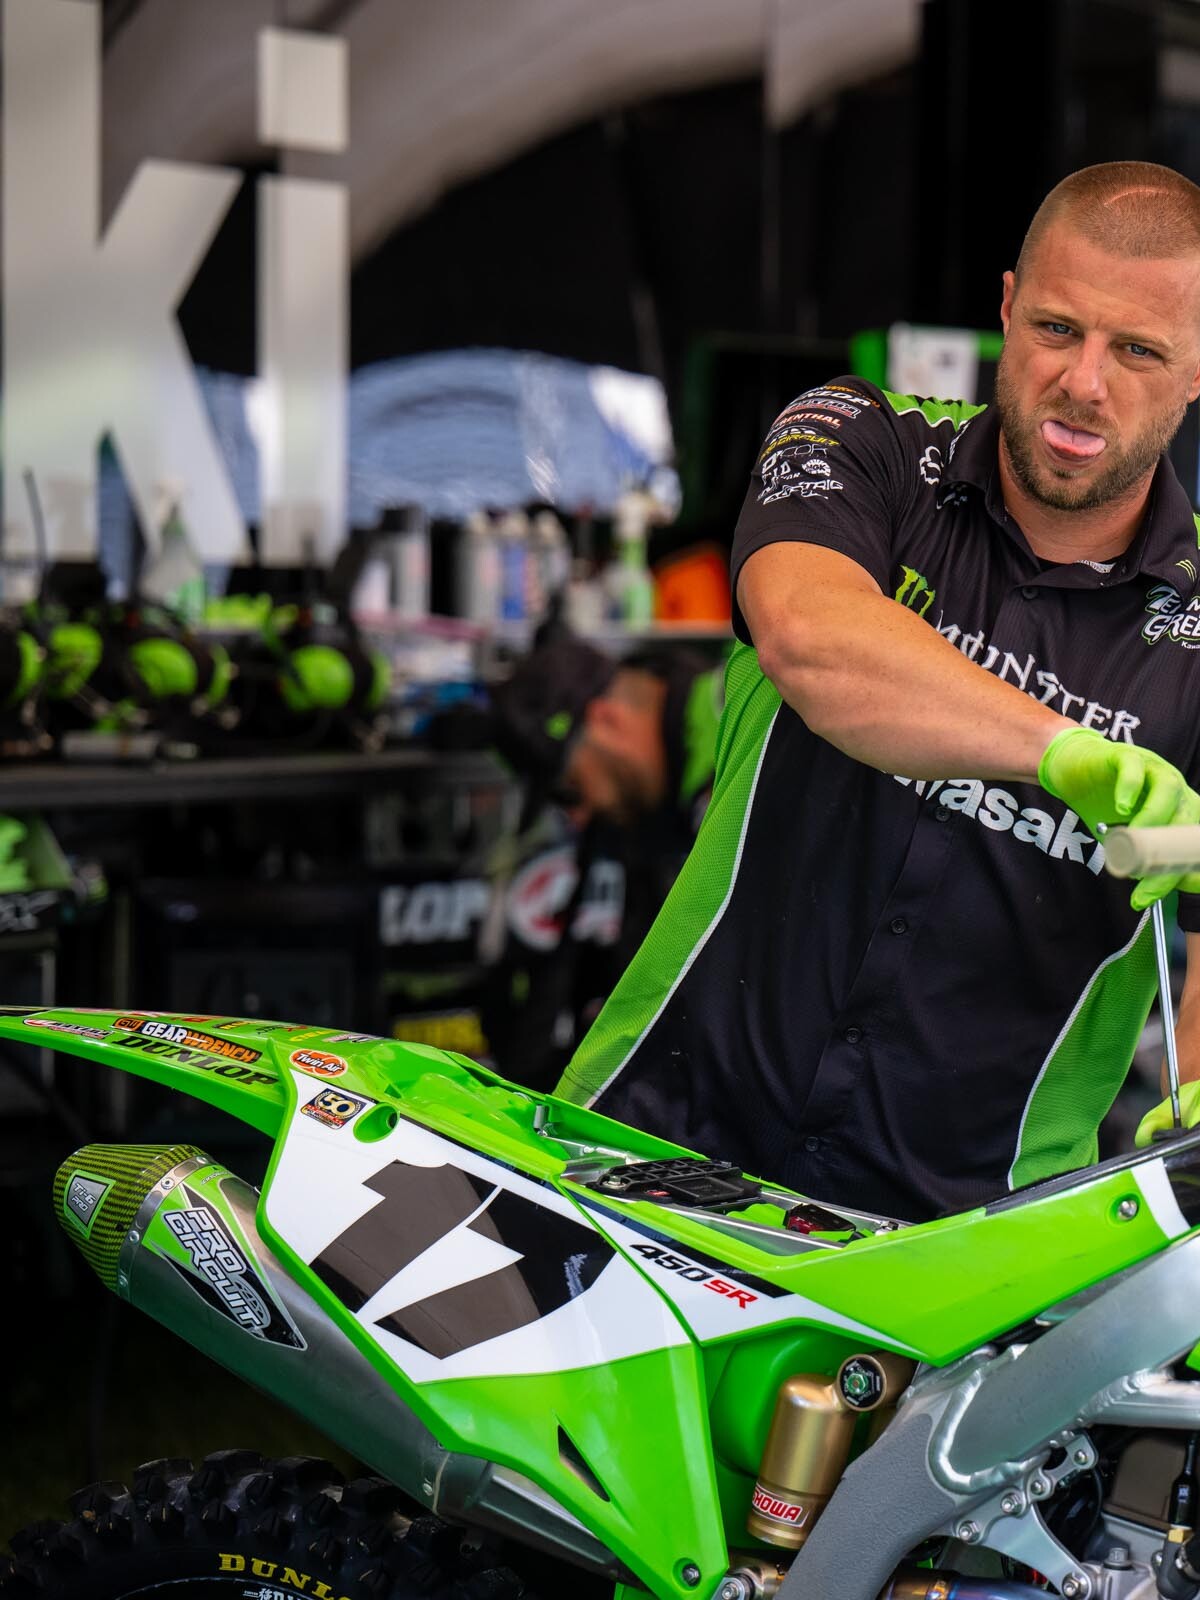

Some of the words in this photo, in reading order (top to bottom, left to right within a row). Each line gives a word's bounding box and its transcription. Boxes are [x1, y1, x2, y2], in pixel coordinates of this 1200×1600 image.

[112, 1036, 279, 1085] DUNLOP
[141, 1021, 257, 1063] GEARWRENCH
[297, 1053, 323, 1067] Twin
[322, 1062, 341, 1072] Air
[320, 1093, 357, 1117] 50
[71, 1196, 89, 1212] PRO
[74, 1183, 97, 1204] Ti-6
[187, 1210, 245, 1274] PRO
[310, 1159, 617, 1360] 11
[164, 1212, 264, 1331] CIRCUIT
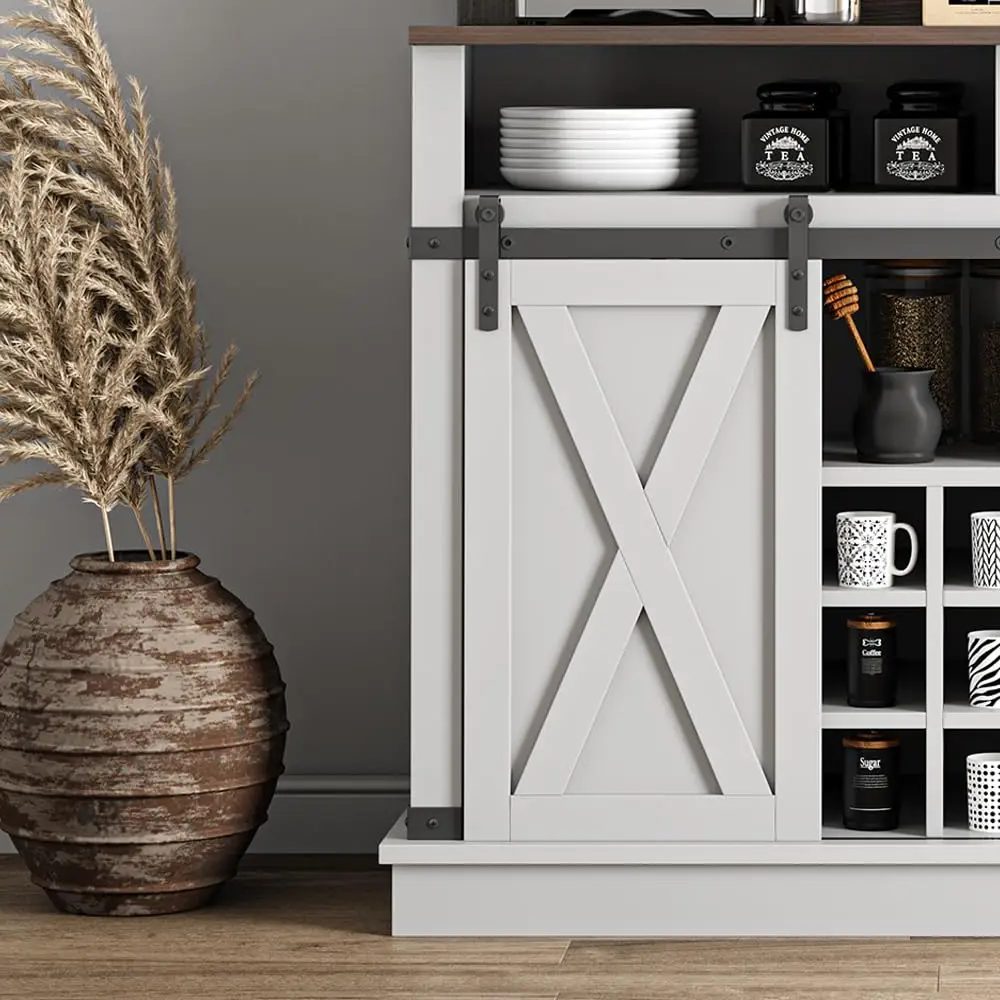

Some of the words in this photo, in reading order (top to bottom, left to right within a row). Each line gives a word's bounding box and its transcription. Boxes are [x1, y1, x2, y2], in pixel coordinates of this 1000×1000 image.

[760, 126, 789, 142] VINTAGE
[790, 127, 811, 144] HOME
[891, 126, 920, 142] VINTAGE
[921, 127, 942, 144] HOME
[764, 151, 805, 161] TEA
[895, 151, 936, 161] TEA
[860, 756, 881, 771] Sugar
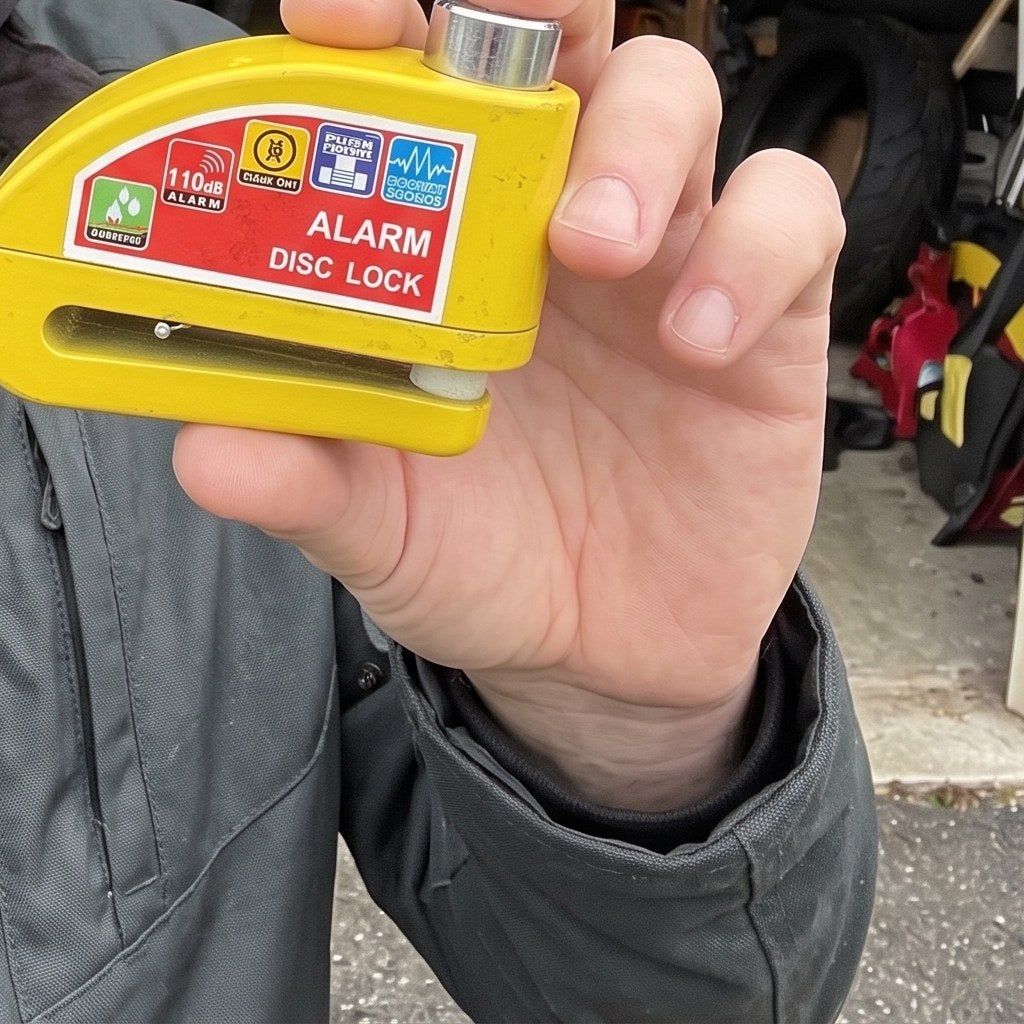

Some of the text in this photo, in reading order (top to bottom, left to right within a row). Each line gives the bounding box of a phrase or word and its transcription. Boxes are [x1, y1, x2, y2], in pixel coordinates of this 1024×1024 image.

[169, 167, 224, 195] 110dB
[167, 191, 221, 210] ALARM
[306, 210, 432, 258] ALARM
[269, 246, 424, 297] DISC LOCK
________
#### [Exercise requirements]
No pictures belong in the copy. Repeat the listing above exactly.

#### [Answer for this exercise]
Some of the words in this photo, in reading order (top to bottom, left to right within a row). Each line gives a word's bounding box and its transcription. Boxes are [x1, y1, x2, y2], in pixel coordinates of this 1200×1600 image.

[112, 1036, 279, 1085] DUNLOP
[141, 1021, 257, 1063] GEARWRENCH
[297, 1053, 323, 1067] Twin
[322, 1062, 341, 1072] Air
[320, 1093, 357, 1117] 50
[71, 1196, 89, 1212] PRO
[74, 1183, 97, 1204] Ti-6
[187, 1210, 245, 1274] PRO
[310, 1159, 617, 1360] 11
[164, 1212, 264, 1331] CIRCUIT

Some of the words in this photo, in reading order (top to bottom, left to right within a row). Each line gives a word's bounding box and its transcription. Boxes are [x1, y1, x2, y2], in pixel coordinates of this 1000×1000 image.

[760, 126, 789, 142] VINTAGE
[790, 127, 811, 144] HOME
[891, 126, 920, 142] VINTAGE
[921, 127, 942, 144] HOME
[764, 151, 805, 161] TEA
[895, 151, 936, 161] TEA
[860, 756, 881, 771] Sugar

Some of the text in this photo, in reading order (top to bottom, left to right within a row). Each line gives the bounding box of a phrase or word and its transcription. Boxes are [x1, y1, x2, y2], in pixel coordinates of this 1024×1024 image.

[169, 167, 224, 195] 110dB
[167, 191, 221, 210] ALARM
[306, 210, 432, 258] ALARM
[269, 246, 424, 297] DISC LOCK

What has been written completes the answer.